As our first substantive liability blog, I want to talk about the duty to defend. Most attorneys recognize that the duty to defend is a broad duty – one broader than the duty to indemnify. But, the breadth of that duty has a side effect that some lawyers have not anticipated. If, after looking at the duty to defend, not a single allegation of the Complaint would raise a duty to defend, then by necessity, there cannot be a duty to indemnify. If the duty to defend is broader than the duty to indemnify, and analysis of the Complaint or claims against the insured show that there is no duty to defend, then there can never be a duty to indemnify.
In these cases, it is entirely appropriate for an insurer simply to disclaim coverage and, effectively, walk about from the claim or suit. There is no reason for the insurance carrier to remain involved if the duty to defend does not exist. I am often met with an objection when a defense is withdrawn of – “but you don’t know what will happen.” If the duty to defend does not exist, then what happens in that suit, where no duty to defend exists – is really a moot point. If the broad duty cannot exist, the specific duty of indemnity cannot exist.
Case law holds that this conclusion is based upon “logic and common sense,” and the cases hold that logic and common sense dictate that if there is no duty to defend, then there must be no duty to indemnify. See e.g. American States ins. Co. v. Bailey, 133 F. 3d 363 (5th Cir. 1998).

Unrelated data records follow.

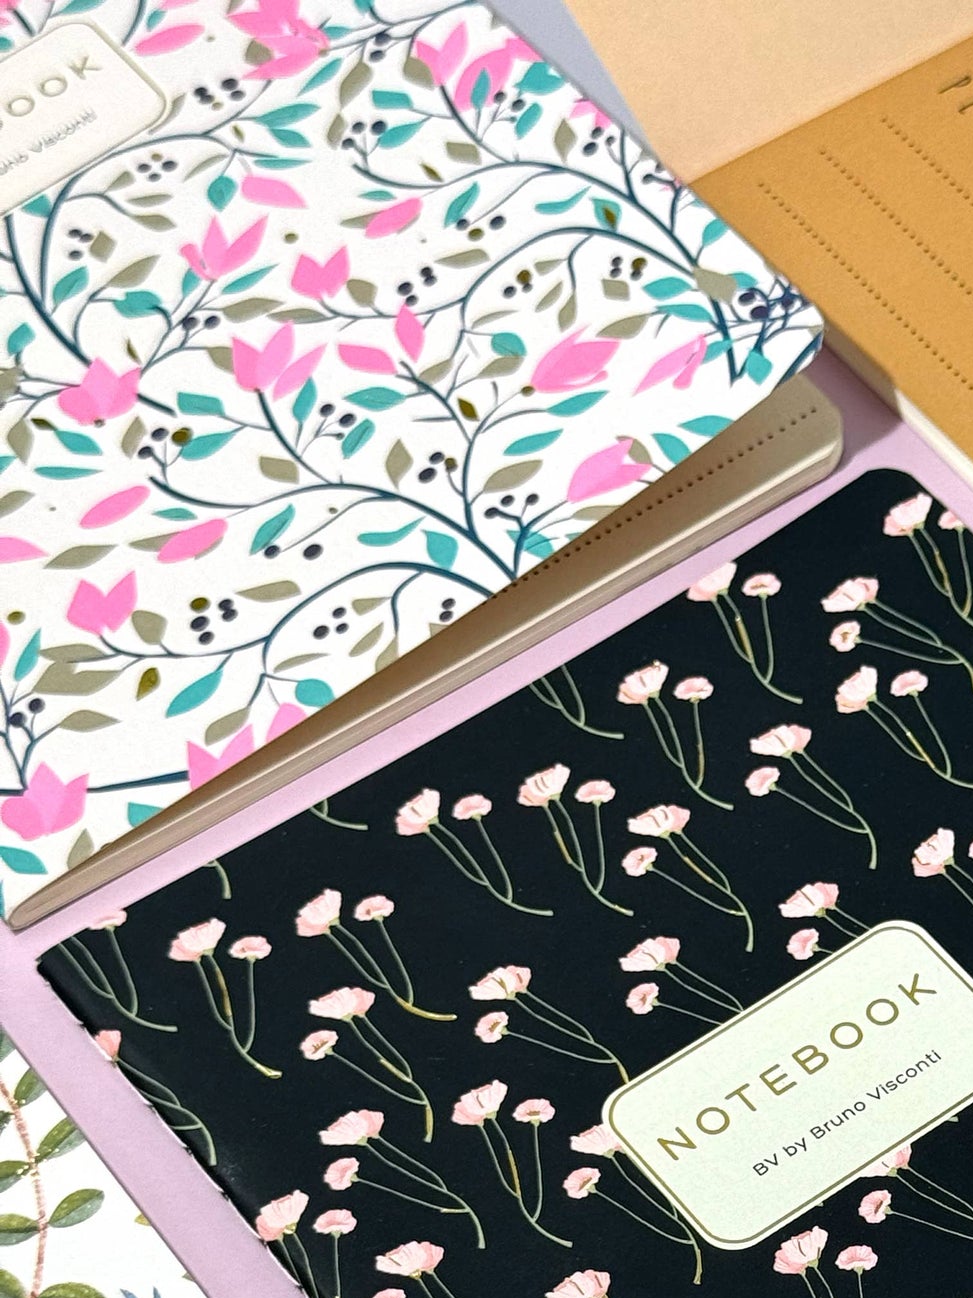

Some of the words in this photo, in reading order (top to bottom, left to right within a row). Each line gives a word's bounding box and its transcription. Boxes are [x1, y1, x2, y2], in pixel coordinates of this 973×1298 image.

[0, 56, 102, 131] OOK
[657, 973, 938, 1161] NOTEBOOK
[752, 1153, 781, 1177] BV
[782, 1134, 809, 1157] by
[809, 1099, 867, 1142] Bruno
[866, 1049, 942, 1101] Visconti

Tennessee courts have long noted it is not uncommon that an insurer will have a duty to defend based on the allegations in the complaint, yet have no subsequent duty to indemnify the insured. St. Paul Fire & Marine Ins. Co. v. Torpoco, 879 S.W.2d 831(Tenn. 1994). I point this “twist” out because it has come up in a couple of my recent cases, where my client is challenging both the duty to defend and the duty to indemnify.